Low energy laser light (632.8 nm) suppresses amyloid-β peptide-induced oxidative and inflammatory responses in astrocytes.

Oxidative stress and inflammation are important processes in the progression of Alzheimer's disease (AD). Recent studies have implicated the role of amyloid β-peptides (Aβ) in mediating these processes. In astrocytes, oligomeric Aβ induces the assembly of nicotinamide adenine dinucleotide phosphate (NADPH) oxidase complexes resulting in its activation to produce anionic superoxide. Aβ also promotes production of pro-inflammatory factors in astrocytes. Since low energy laser has previously been reported to attenuate oxidative stress and inflammation in biological systems, the objective of this study was to examine whether this type of laser light was able to abrogate the oxidative and inflammatory responses induced by Aβ. Primary rat astrocytes were exposed to Helium-Neon laser (λ=632.8 nm), followed by the treatment with oligomeric Aβ. Primary rat astrocytes were used to measure Aβ-induced production of superoxide anions using fluorescence microscopy of dihydroethidium (DHE), assembly of NADPH oxidase subunits by the colocalization between the cytosolic p47(phox) subunit and the membrane gp91(phox) subunit using fluorescent confocal microscopy, phosphorylation of cytosolic phospholipase A(2) cPLA(2) and expressions of pro-inflammatory factors including interleukin-1β (IL-1β) and inducible nitric-oxide synthase (iNOS) using Western blot Analysis.
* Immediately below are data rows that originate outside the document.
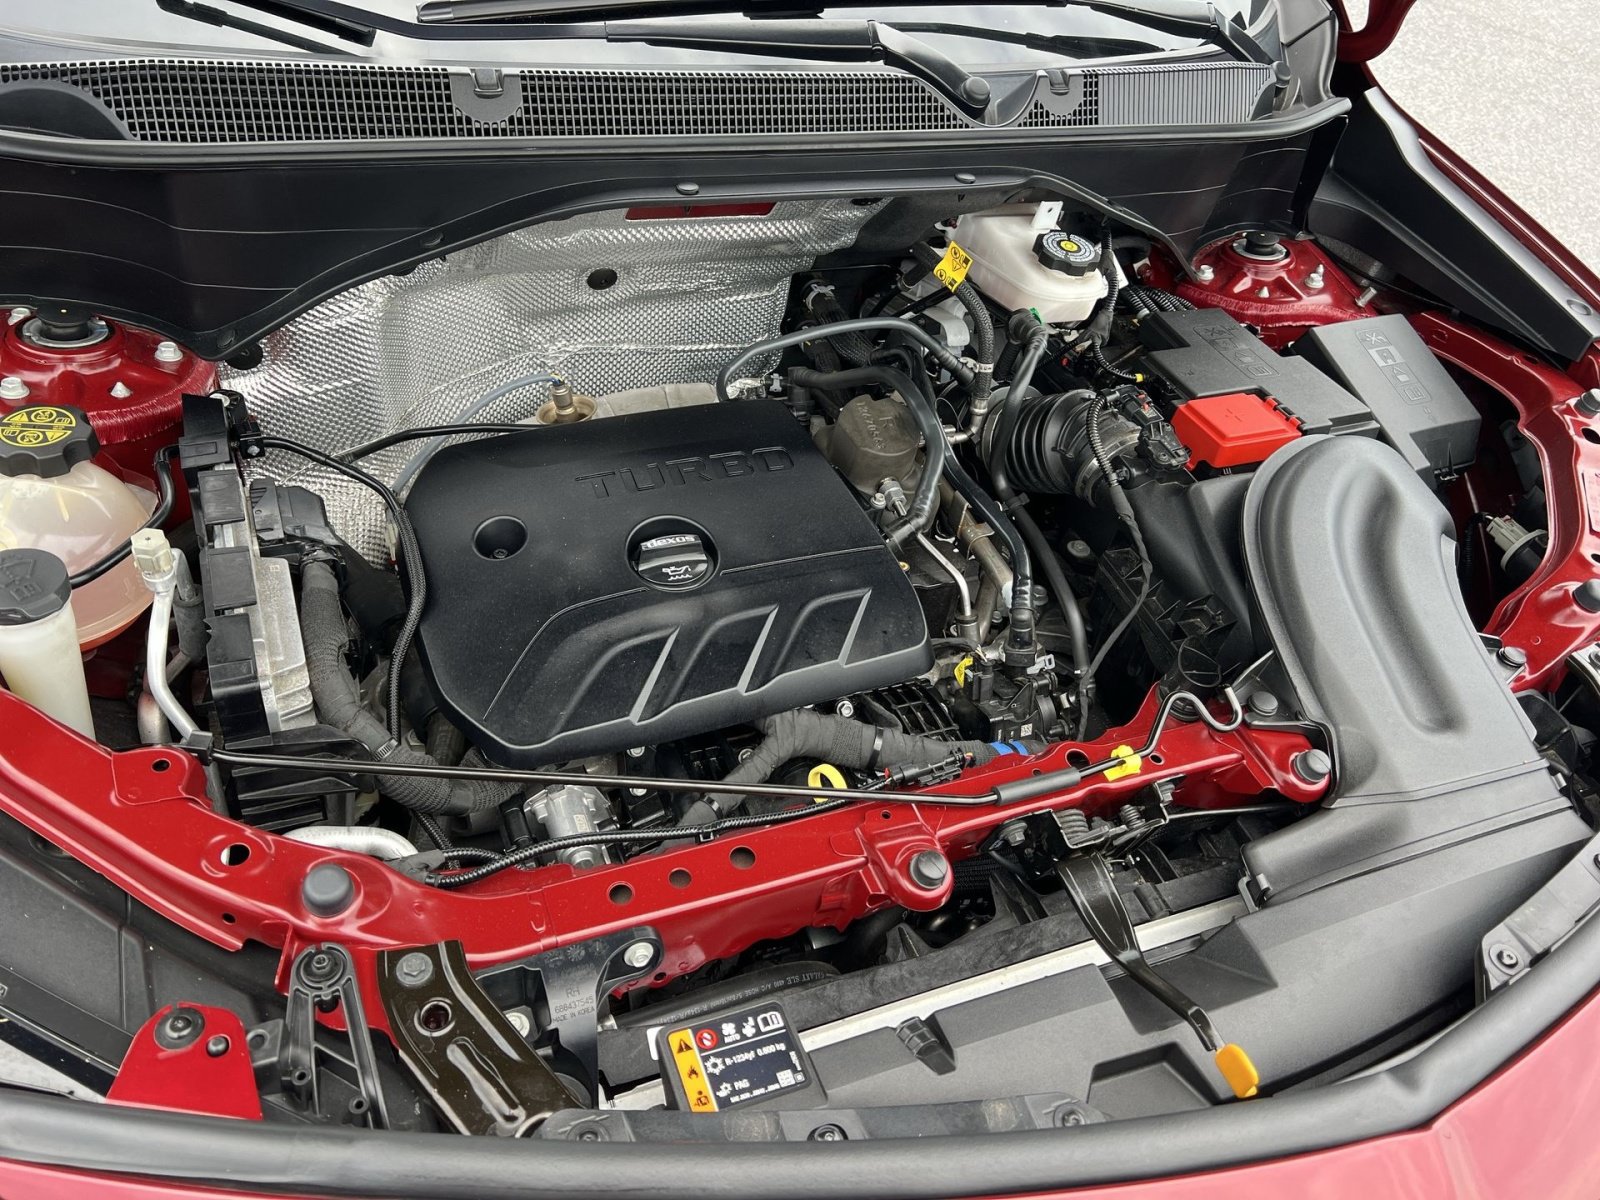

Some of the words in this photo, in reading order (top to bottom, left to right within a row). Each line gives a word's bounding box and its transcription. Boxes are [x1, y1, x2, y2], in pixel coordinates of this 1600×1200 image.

[575, 446, 794, 499] TURBO
[646, 535, 695, 549] dexos
[786, 975, 800, 985] SLE
[566, 987, 580, 998] RH
[744, 987, 759, 997] HOSE
[761, 983, 772, 992] A/C
[552, 1013, 568, 1023] MADE
[577, 1006, 596, 1016] KOREA
[724, 1033, 741, 1044] AUTO
[724, 1050, 755, 1066] R-1234yf
[774, 1042, 786, 1051] kg
[733, 1079, 750, 1091] PAG
Our data showed that laser light at 632.8 nm suppressed Aβ-induced superoxide production, colocalization between NADPH oxidase gp91(phox) and p47(phox) subunits, phosphorylation of cPLA(2,) and the expressions of IL-1β and iNOS in primary astrocytes. We demonstrated for the first time that 632.8 nm laser was capable of suppressing cellular pathways of oxidative stress and inflammatory responses critical in the pathogenesis in AD. This study should prove to provide the groundwork for further investigations for the potential use of laser therapy as a treatment for AD.